We have rugosa roses and I realized that we had a bumper crop, and then all the craziness of trips took over. I'm not much of sweet-tooth, but I like the idea of gifts. Next year~

Leigh said...

Sharon, definitely. It's fun to make and rewarding to stand back and admire your handiwork. Great gifts too.

Dorothy said...

Looks yummy and tasty to me, I don't see any problem with the colour. Unless, I suppose if you were expecting apricot jam from the colour then the taste might be a surprise?

We have a single jar of beautiful pink jelly which Bob made from Kingston Black cider apples and sorbus berries. It's the first time either of us tried a jelly, and it turned out very tasty. The pink colour was quite unexpected though. I guess it's like using plant dyes, you can't always tell what you'll get from looking at the plant.

Heather said...

The colour of the finished jelly looks gorgeous, Leigh.

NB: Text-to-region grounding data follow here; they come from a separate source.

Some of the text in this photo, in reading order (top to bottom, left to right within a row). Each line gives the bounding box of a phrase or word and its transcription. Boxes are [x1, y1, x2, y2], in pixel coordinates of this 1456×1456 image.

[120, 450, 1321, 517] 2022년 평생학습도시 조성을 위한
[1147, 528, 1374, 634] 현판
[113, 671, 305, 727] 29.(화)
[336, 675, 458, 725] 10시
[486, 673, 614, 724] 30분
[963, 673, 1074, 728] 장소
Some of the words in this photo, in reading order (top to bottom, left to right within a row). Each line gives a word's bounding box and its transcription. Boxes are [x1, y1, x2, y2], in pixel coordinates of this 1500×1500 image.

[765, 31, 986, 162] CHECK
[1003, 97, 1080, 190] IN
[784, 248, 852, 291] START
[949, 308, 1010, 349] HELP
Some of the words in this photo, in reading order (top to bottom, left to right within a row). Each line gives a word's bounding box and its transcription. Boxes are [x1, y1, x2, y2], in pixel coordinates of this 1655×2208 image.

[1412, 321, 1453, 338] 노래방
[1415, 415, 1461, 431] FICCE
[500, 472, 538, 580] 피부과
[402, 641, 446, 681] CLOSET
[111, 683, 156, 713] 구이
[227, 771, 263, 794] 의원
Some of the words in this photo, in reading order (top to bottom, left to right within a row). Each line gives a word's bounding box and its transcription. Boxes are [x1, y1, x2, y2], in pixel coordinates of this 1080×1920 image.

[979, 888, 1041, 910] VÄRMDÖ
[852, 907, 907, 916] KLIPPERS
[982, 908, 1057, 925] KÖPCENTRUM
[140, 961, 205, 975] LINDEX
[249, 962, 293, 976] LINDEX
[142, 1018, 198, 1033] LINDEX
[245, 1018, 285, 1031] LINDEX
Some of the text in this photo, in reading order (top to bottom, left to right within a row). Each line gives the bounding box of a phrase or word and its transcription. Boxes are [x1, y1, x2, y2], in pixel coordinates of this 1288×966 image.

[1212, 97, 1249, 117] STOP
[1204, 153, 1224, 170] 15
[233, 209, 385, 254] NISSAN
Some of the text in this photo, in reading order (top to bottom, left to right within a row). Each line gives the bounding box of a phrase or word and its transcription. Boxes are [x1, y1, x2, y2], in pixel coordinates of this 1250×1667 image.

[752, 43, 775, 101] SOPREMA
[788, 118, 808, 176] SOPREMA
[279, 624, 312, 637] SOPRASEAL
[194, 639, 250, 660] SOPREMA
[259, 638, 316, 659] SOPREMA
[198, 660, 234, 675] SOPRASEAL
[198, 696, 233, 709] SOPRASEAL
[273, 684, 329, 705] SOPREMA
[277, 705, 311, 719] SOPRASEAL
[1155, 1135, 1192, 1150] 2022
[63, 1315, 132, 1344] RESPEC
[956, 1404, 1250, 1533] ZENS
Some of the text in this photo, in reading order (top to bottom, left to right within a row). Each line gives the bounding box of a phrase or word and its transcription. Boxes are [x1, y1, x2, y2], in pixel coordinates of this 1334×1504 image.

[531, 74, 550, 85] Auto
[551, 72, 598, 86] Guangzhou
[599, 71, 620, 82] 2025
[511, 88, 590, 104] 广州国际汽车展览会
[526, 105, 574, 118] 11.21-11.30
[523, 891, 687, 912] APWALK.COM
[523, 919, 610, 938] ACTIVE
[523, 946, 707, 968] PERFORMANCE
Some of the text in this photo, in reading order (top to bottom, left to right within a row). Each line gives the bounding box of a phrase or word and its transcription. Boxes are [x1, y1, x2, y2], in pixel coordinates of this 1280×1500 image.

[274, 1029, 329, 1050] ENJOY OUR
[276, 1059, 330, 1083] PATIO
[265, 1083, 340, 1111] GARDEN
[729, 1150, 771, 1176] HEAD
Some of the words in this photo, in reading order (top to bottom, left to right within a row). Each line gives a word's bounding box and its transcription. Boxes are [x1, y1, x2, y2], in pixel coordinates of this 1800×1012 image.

I think people always love to get home canning as gifts. We quite often give it too although I usually give it along with the caveat - if you want more home canned goodies you'll need to be sure to return the jars to get a refill. ;-) I've always said it jokingly but it really does work because people return my jars and quite often seem to give me even more empty jars than I originally gave them filled. ;-)

MiniKat said...

My hubby just read through a recipe for rose hip jam and we remembered that you had tried your hand at making some.

We re-read the post together and he wonders if the seeds from the rose hips are what affected the color and level of tannins. His recipe calls for using a food mill to press the softened hips and he is surmising that perhaps the blender crushed the seeds.

Leigh said...

Dorothy that apple jelly sounds lovely. I'd love to make some crab apple jelly for my brother (his fav) but I can't track any down. May have to plant my own!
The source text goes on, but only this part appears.